When I started collecting books as a small boy I had a small expandable bookshelf that, when opened to its widest, held about a dozen books. Each Christmas and birthday this shelf was opened a bit further to accommodate my most recent gifts and when I had filled it up I then went on to use a pair of bookends to hold the books that would no longer fit on my first bookshelf.
By the time I was in my twenties and had a little more pocket money the space occupied by my books had risen to about three or four shelves and by the time I got married I needed five shelves about eight feet long. Recently, although my collection has risen and fallen in numbers from time to time, I now find I have a big problem. Books have got bigger.
It has always been my habit that if I feel I may want to read a new book again I keep it on a shelf, but this is becoming more and more space consuming, until I had recently reached saturation point. Lately I have been getting rid of a lot of books in order to be able to fit in new ones. Surely this must reduce the book manufacturers' sales since I take my books to the charity shops where they go on sale in direct competition with the booksellers' new stock. If books remained as small as they were in the past, I would not release my books onto the second hand market so often and new book sales would be slightly better.
Due to this unnecessary insistence on making books larger, the same shelf area now will not hold anything like as many books as they once did. This is because not only have books become thicker but also the shelves have to be wider apart vertically to accommodate the ever taller books I buy, which reduces the number of shelves available.
The hardcover book on the left is 1000 pages long and still quite reasonably sized.
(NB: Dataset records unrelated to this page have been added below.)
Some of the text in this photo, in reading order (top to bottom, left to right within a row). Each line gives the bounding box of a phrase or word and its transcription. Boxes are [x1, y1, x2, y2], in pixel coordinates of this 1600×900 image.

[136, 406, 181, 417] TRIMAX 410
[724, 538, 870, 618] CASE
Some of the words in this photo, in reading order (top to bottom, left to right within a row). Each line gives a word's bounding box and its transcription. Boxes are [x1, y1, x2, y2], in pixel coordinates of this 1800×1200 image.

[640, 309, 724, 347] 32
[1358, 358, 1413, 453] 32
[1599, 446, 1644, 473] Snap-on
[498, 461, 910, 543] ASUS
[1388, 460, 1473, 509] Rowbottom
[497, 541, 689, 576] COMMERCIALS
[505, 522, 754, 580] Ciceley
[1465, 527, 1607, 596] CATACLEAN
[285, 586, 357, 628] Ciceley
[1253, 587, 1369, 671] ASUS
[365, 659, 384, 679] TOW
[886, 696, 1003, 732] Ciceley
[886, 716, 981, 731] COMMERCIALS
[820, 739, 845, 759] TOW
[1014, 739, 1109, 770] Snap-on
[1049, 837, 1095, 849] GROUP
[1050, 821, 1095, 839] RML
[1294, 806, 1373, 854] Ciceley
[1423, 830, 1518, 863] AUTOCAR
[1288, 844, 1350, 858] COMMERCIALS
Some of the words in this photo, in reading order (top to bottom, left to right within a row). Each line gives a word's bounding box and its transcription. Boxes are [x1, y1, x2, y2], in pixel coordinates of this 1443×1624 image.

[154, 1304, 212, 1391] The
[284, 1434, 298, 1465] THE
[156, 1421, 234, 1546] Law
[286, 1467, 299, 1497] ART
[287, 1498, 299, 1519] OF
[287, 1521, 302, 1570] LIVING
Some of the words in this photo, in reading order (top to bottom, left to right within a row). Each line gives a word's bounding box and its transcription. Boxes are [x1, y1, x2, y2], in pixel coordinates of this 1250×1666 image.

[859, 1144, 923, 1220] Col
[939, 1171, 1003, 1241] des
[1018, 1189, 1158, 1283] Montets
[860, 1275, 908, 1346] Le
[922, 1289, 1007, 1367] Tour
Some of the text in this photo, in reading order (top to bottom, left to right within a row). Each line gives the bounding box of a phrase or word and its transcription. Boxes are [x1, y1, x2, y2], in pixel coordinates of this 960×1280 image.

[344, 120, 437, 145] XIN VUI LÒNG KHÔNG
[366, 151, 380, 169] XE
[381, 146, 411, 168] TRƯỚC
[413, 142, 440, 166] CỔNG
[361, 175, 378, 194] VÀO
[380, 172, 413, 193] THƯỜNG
The one on the right is just over 700 pages and huge. Why?
The two Anne McCaffery books even changed size during the publication of this series.
Why do publishers do this? Do they think we will be impressed by the size? Do they believe people wander around book shops saying, ‘Look at that book! Isn’t it big, I will have to buy it…’, or are they embarrassed by the incredible prices they charge for them and feel we will think we are getting better value for our money? Like a large number of the book buying public, I usually buy a book because of its contents, not because of its size.
I realise many books are getting longer and the average novel has gone from about 200 pages to around 600 over the last couple of decades and many authors tend to write long series of linked books as well. Tolstoy’s War and Peace is often quoted as a really long work, and it is about one thousand four hundred pages long and usually printed in two volumes, but many a modern author has well exceeded that. Peter F. Hamilton has written a four book series where each book averages over one thousand pages per novel and Colin Dexter’s Inspector Morse series and Agatha Christie’s books each total much more than this and were all originally published in small books, so length is not a reason for size. So why are we book lovers being sold bigger and bigger books? I don’t want them and I now spend less on books, because, whilst I love the luxury of a nicely bound hardcover book, I will now wait for the paperback version – that is the small paperback version, which follows the giant brick that paperbacks early printings seem to be and I wonder who else has found problems with this insistence on bigger and bigger books.
The tiny Ace and Corgi paperback books on the left are dwarfed by the much more recent Gollancz paperback brick on the right. I have no more room for Stephen Baxter owing to his publishers assumption I will be pleased to own a bigger book.